Stromal cell-derived factor 1 a (SDF-1a) is a homing factor that can cause stem cells to migrate from the bone marrow,which can react with its main receptor CXCR4.It can inhibit cell apoptosis,too.Although endogenous SDF-1a is secreted in the early phase of infarction in ischemic myocardium, the expression of myocardial SDF-1 is not effective for heart repair. SDF-1 has to be expressed in larger quantities and for a longer time.We try to build one single-plasmid vigilant vector.This vigilant vector has some features:high efficiency, hypoxia-regulated, vigilant,cardiac-specific.We evalute this vigilant system in cardiac myocytes. Furtherly, we evalute this vigilant system in mouse model of myocardial infarction.Another aim of this reserch is to evalute anti-apoptosis of SDF-1 and to find the inner mechanism.

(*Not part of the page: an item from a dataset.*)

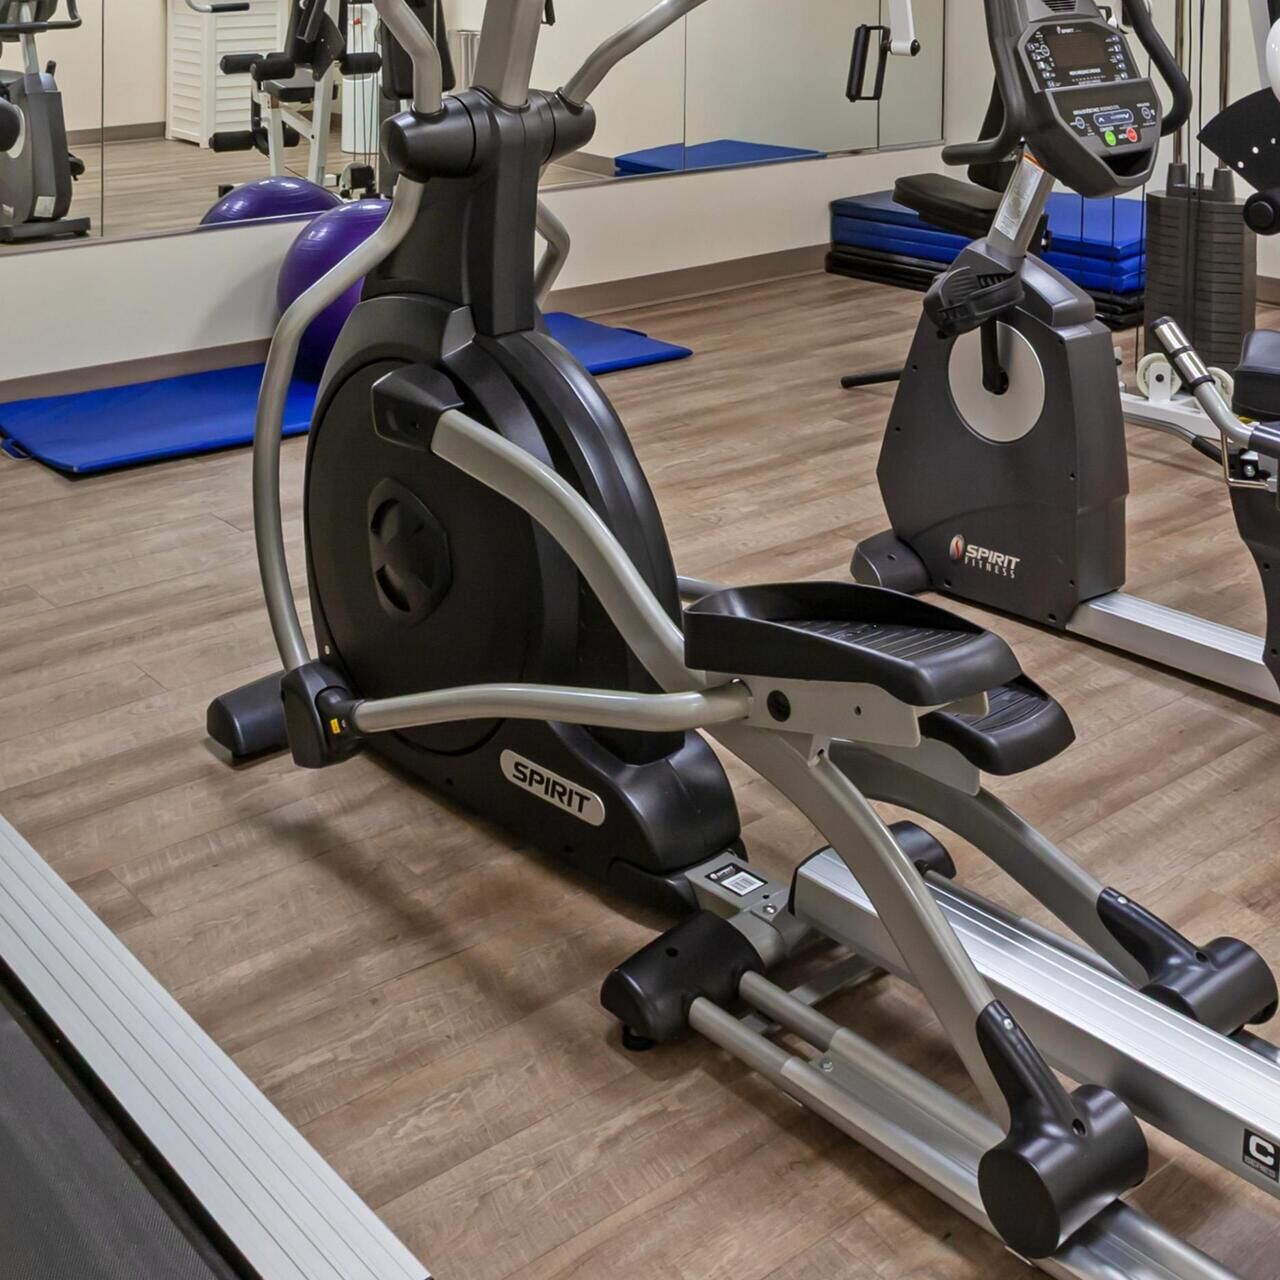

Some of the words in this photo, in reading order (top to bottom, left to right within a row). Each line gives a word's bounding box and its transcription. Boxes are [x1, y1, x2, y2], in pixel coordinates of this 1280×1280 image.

Objective SDF-1 has to be expressed in larger quantities and for a longer time for the treatment of myocardial infarction. A gene therapy approach using an SDF-1 a vector can increase SDF-1 expression and mobilize and direct stem cells to the ischemic myocardium. SDF-1 can serve as a heart-protective factor through its ability to activate phosphorylated-AKT and ERK1/2. The role of the Bcl-2-associated death (BAD) and phosphorylated-BAD (p-BAD) in this process, however, has not been determined. In addition,the detailed time course of a SDF-1 a vector adminastration remains unclear.
Methods Contrust the p-CMV-hSDF-1 plasmids.H9C2 cells were transfected with the p-CMV-hSDF-1 plasmid under hypoxic stimuli. Real-time PCR and cell staining was used to confirm the transfection under hypoxic condition.Western blot analysis was used to determine the SDF-1 expression time course.In the SDF-1 peak expression,the conditioned medium was collected for further experiment.The SDF-1 conditioned medium in endogenous peak expression would be considered as control medium.Isolate mesenchymal stem cells (MSCs) and cardiac stem cells (CSCs).Under conditioned medium or control medium,MSCs and CSCs would be migrated. H2O2 was used to induce H9C2,MSCs and CSCs apoptosis.The apoptosis of H9C2,MSCs and CSCs was evaluated with conditioned medium or control medium.Western-blot,cell staining was to confirm reduction of dephosphorylation of p-Bad.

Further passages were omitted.